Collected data
***
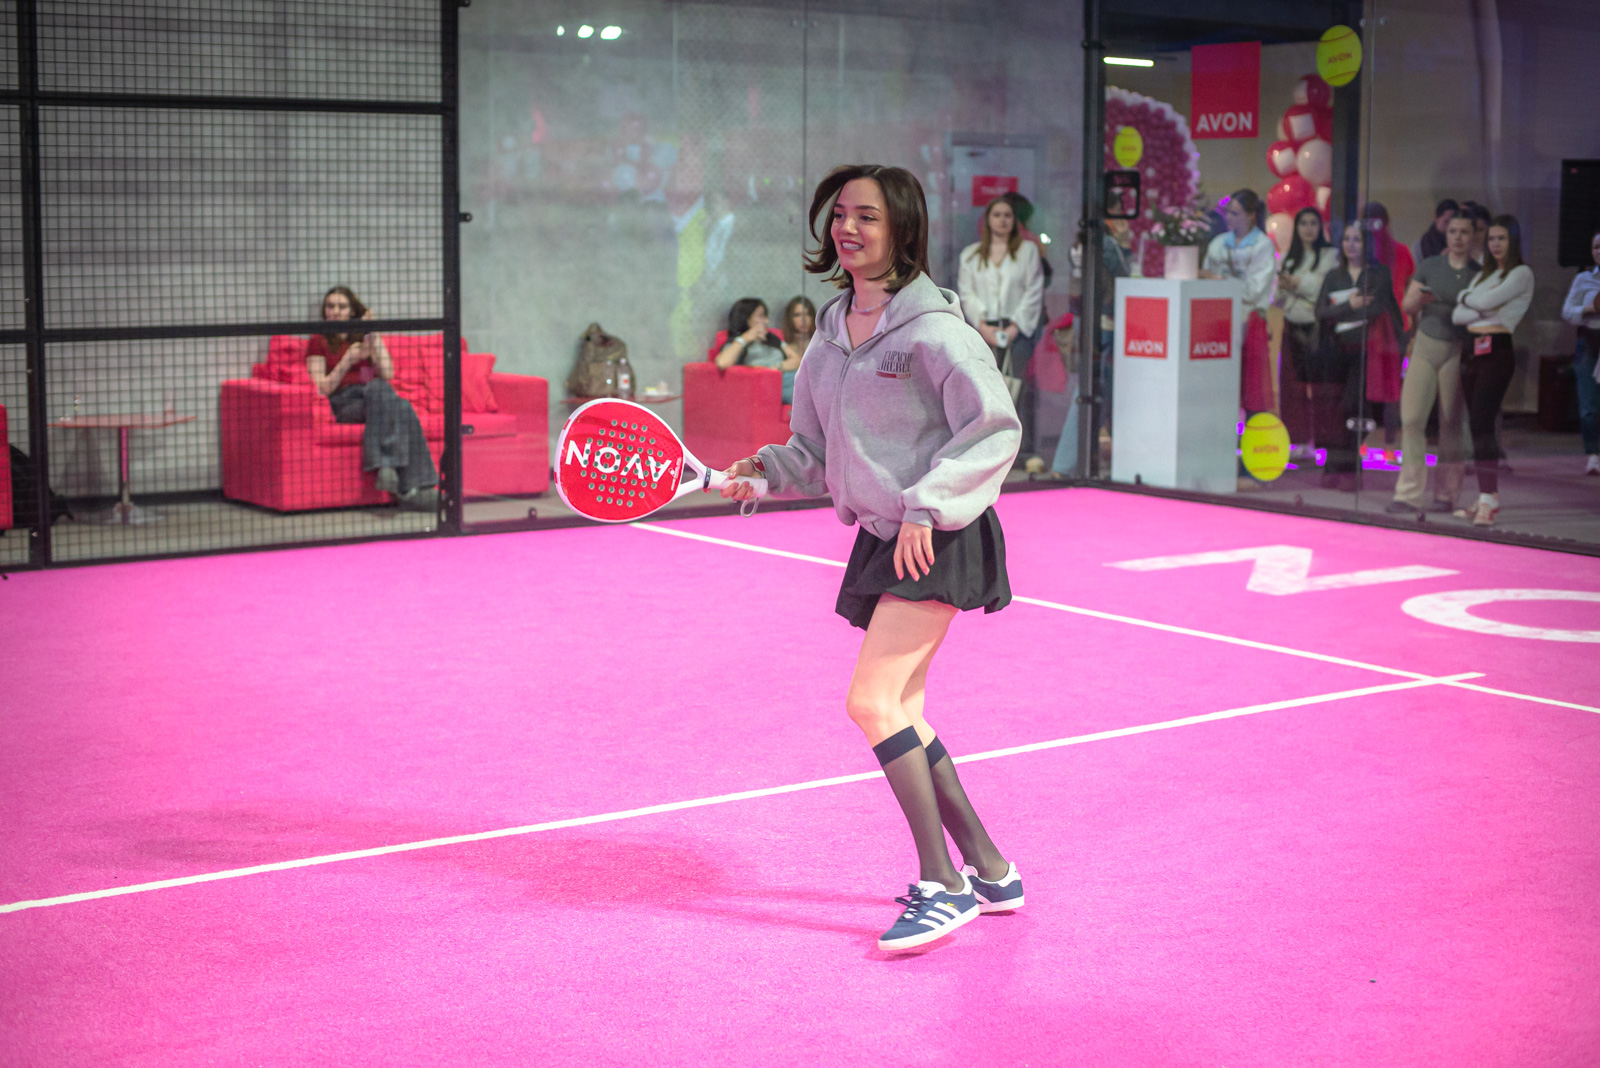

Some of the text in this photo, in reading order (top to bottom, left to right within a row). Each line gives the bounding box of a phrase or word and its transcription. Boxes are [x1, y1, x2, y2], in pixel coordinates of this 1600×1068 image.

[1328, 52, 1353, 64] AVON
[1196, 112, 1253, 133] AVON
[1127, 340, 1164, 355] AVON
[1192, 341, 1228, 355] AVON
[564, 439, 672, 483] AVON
***
- Directions -
The output is the data above, repeated exactly, with pictures omitted.

- Exercise response -
Some of the text in this photo, in reading order (top to bottom, left to right within a row). Each line gives the bounding box of a phrase or word and its transcription. Boxes are [x1, y1, x2, y2], in pixel coordinates of this 1600×1068 image.

[1328, 52, 1353, 64] AVON
[1196, 112, 1253, 133] AVON
[1127, 340, 1164, 355] AVON
[1192, 341, 1228, 355] AVON
[564, 439, 672, 483] AVON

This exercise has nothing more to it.